## Work required
Every line of the material is to be returned verbatim. Pictures stay out.

## Material shown
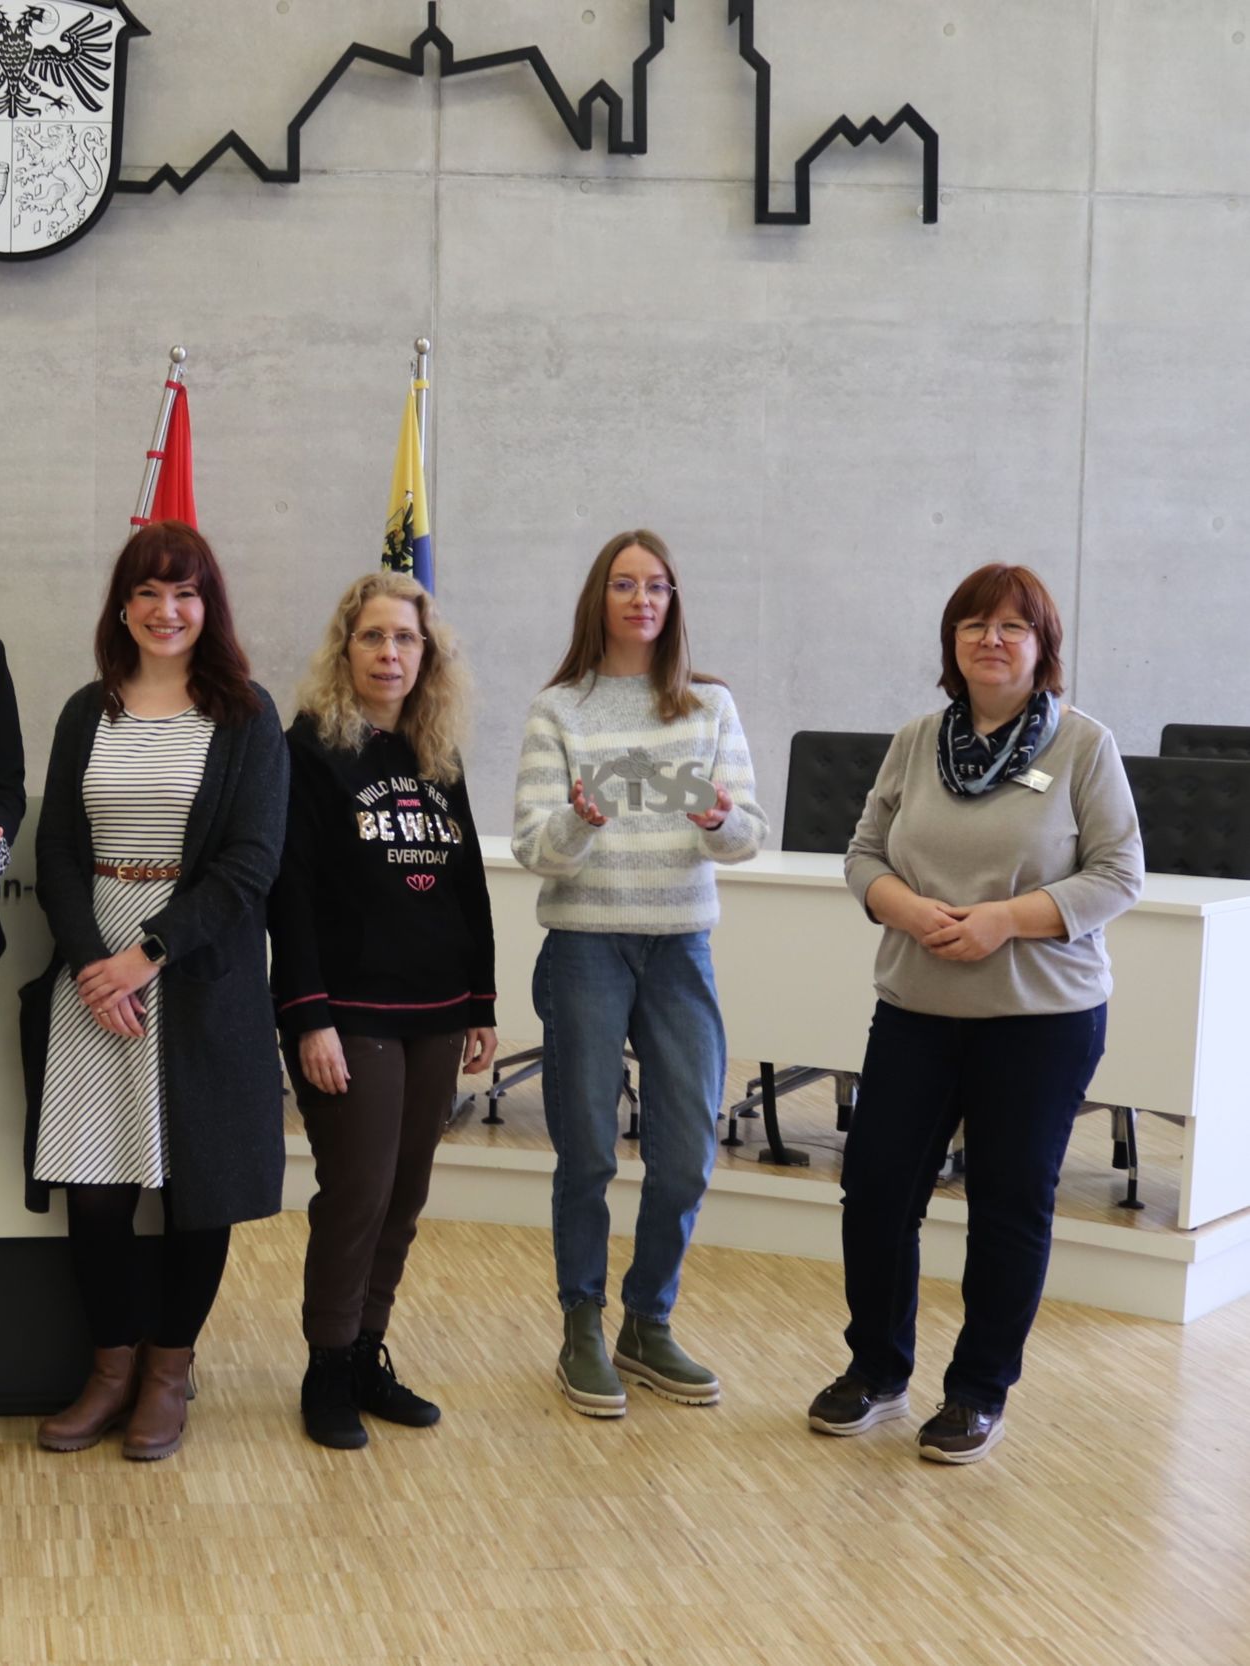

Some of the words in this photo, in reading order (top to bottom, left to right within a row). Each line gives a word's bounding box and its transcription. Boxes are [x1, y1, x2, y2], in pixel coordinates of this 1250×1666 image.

[355, 780, 390, 807] WILD
[390, 776, 418, 793] AND
[356, 811, 395, 841] BE
[397, 812, 462, 845] WILD
[387, 848, 449, 865] EVERYDAY
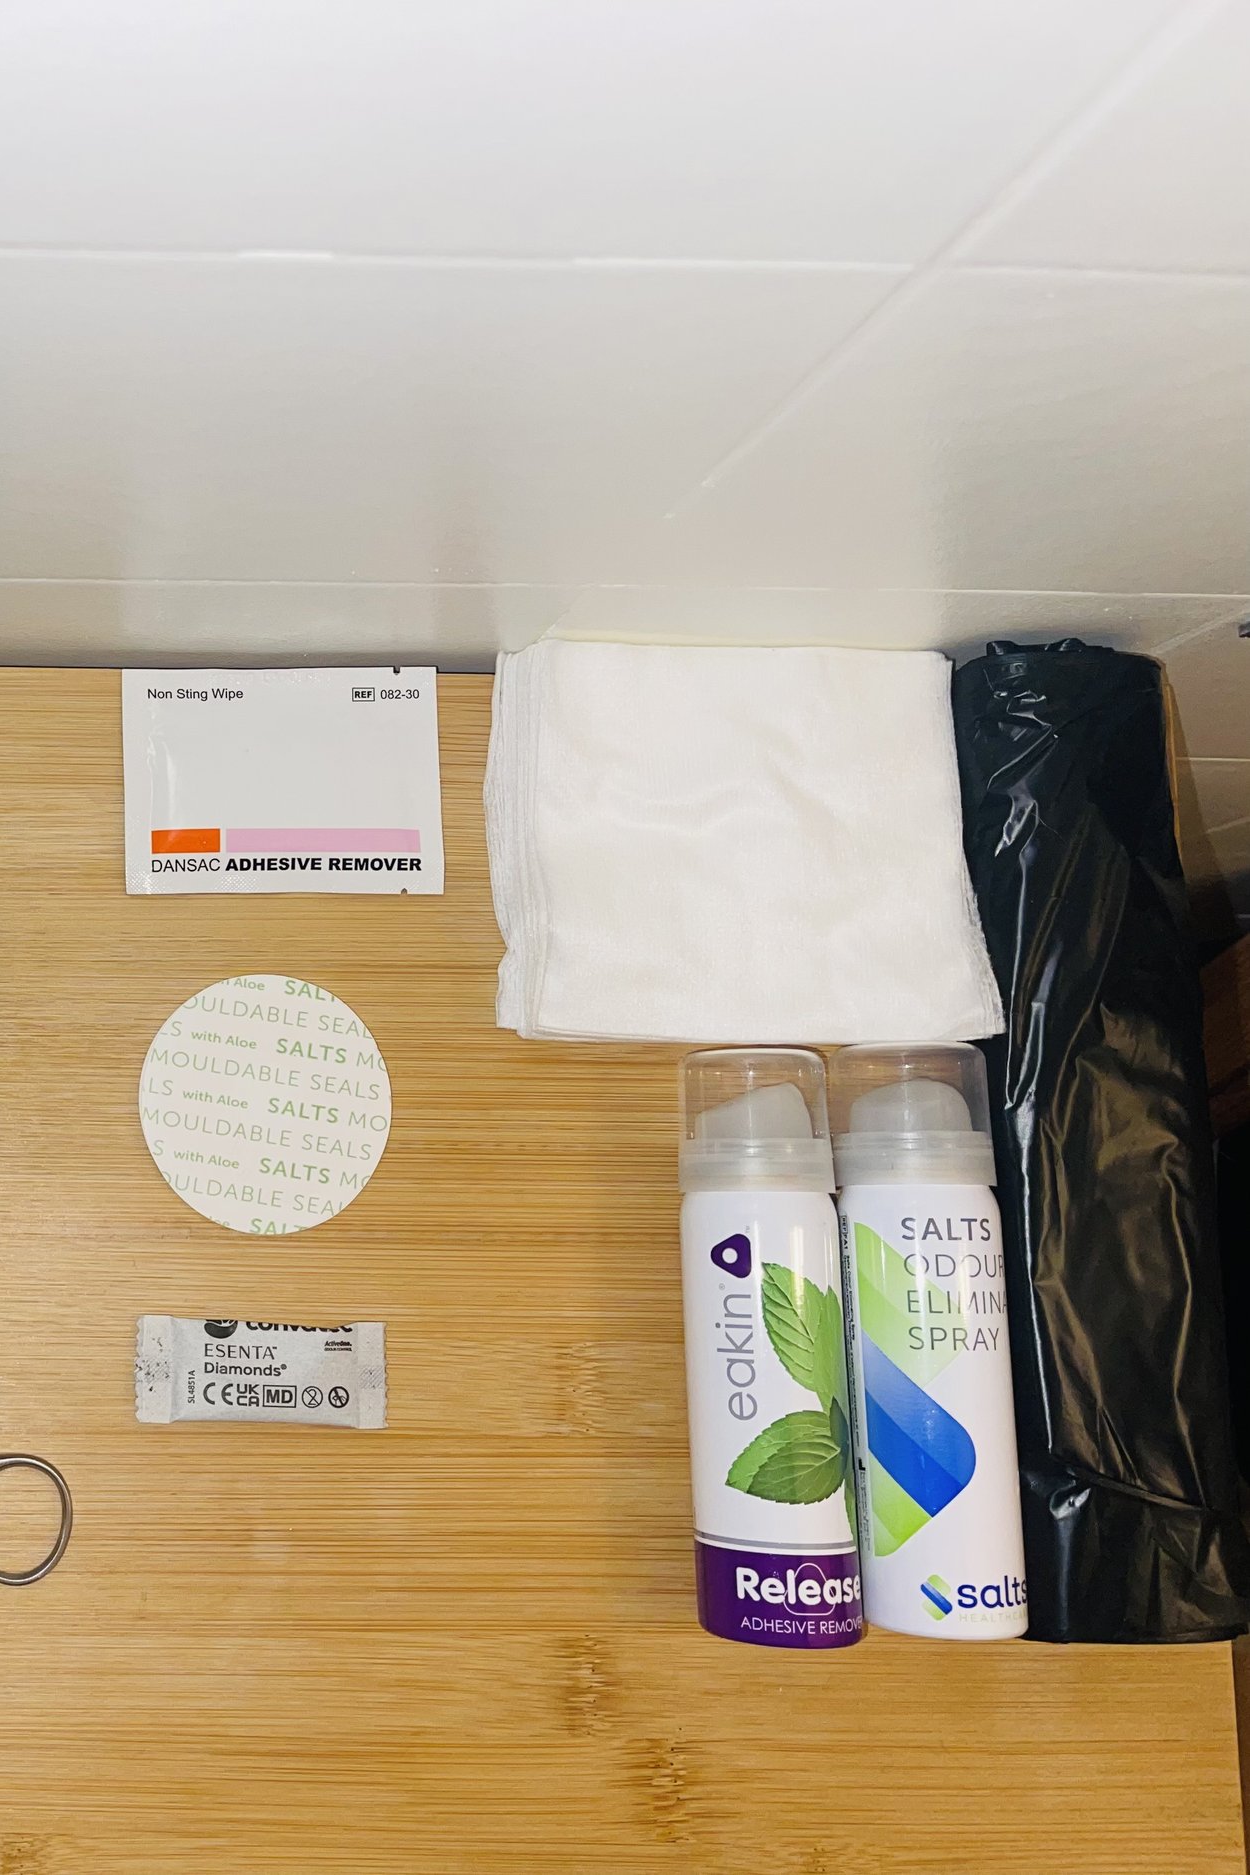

## Response area
Some of the words in this photo, in reading order (top to bottom, left to right within a row). Each line gives a word's bounding box and its transcription. Boxes are [x1, y1, x2, y2], in pixel coordinates of this 1250×1666 image.

[355, 780, 390, 807] WILD
[390, 776, 418, 793] AND
[356, 811, 395, 841] BE
[397, 812, 462, 845] WILD
[387, 848, 449, 865] EVERYDAY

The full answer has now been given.